-- Records for this task follows --

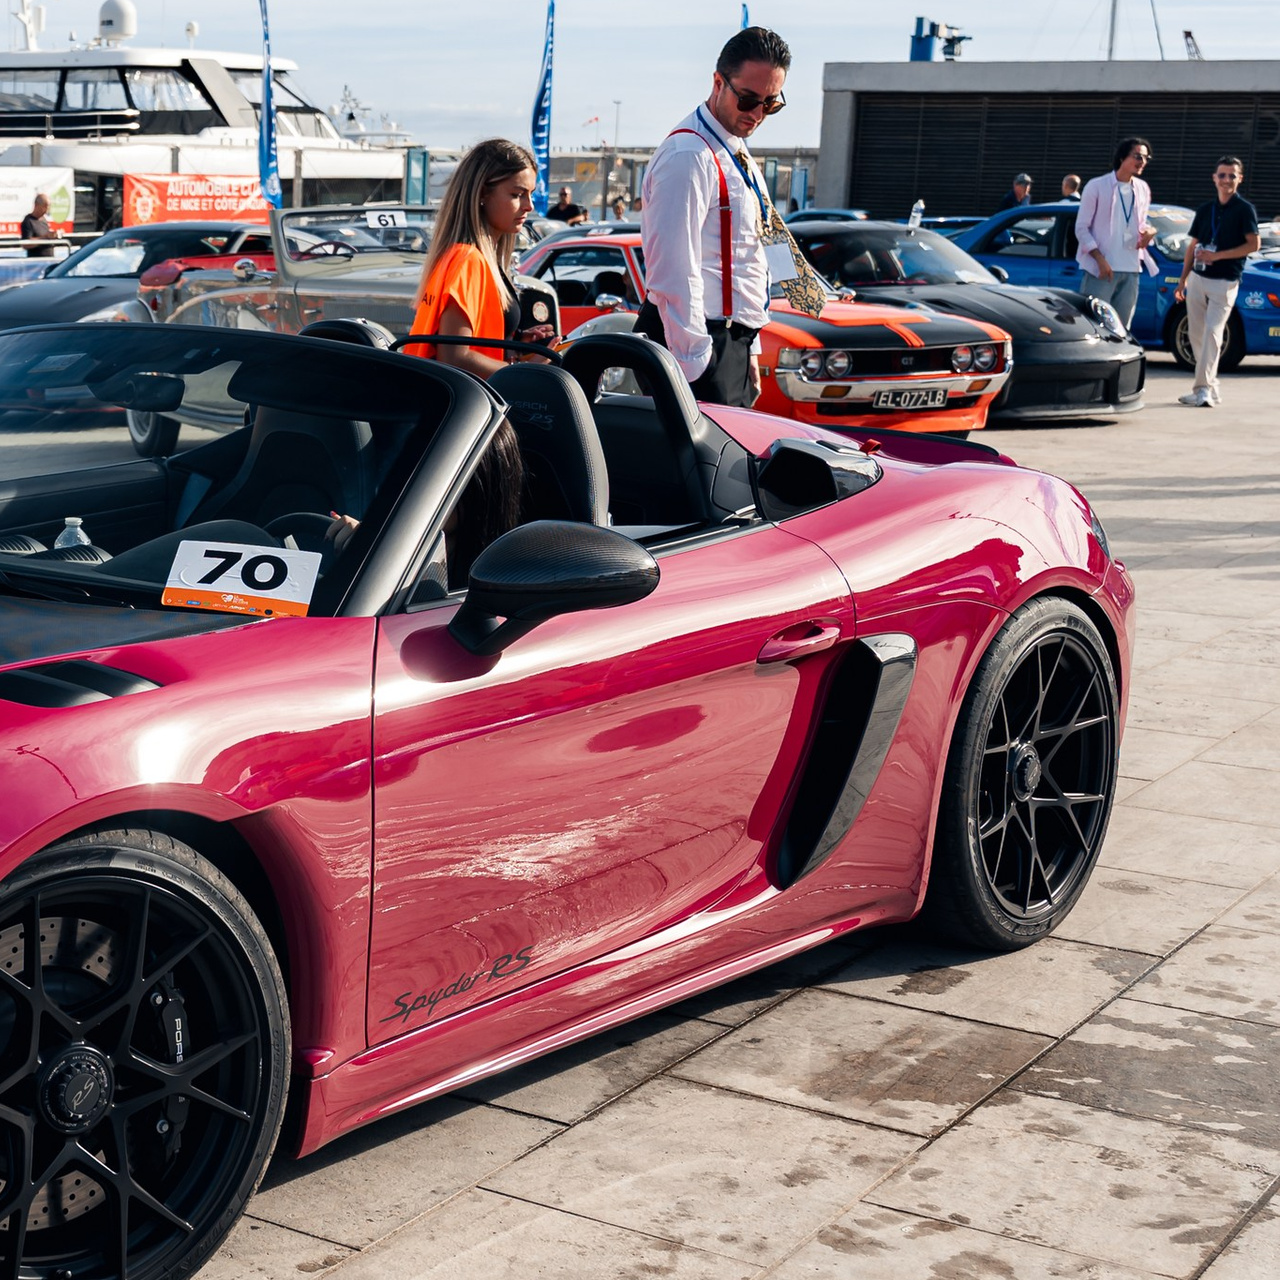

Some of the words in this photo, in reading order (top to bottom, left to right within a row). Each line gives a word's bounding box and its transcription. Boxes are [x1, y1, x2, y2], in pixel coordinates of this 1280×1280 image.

[377, 214, 397, 227] 61
[196, 549, 288, 591] 70
[378, 972, 486, 1024] Spyder
[486, 945, 534, 983] RS

-- Records for this task concluded --

▶ Problem to work on:
Could the entries above be returned verbatim, with no pictures included?

▶ Reply to the exercise:
Some of the words in this photo, in reading order (top to bottom, left to right within a row). Each line gives a word's bounding box and its transcription. Boxes are [x1, y1, x2, y2], in pixel coordinates of this 1280×1280 image.

[377, 214, 397, 227] 61
[196, 549, 288, 591] 70
[378, 972, 486, 1024] Spyder
[486, 945, 534, 983] RS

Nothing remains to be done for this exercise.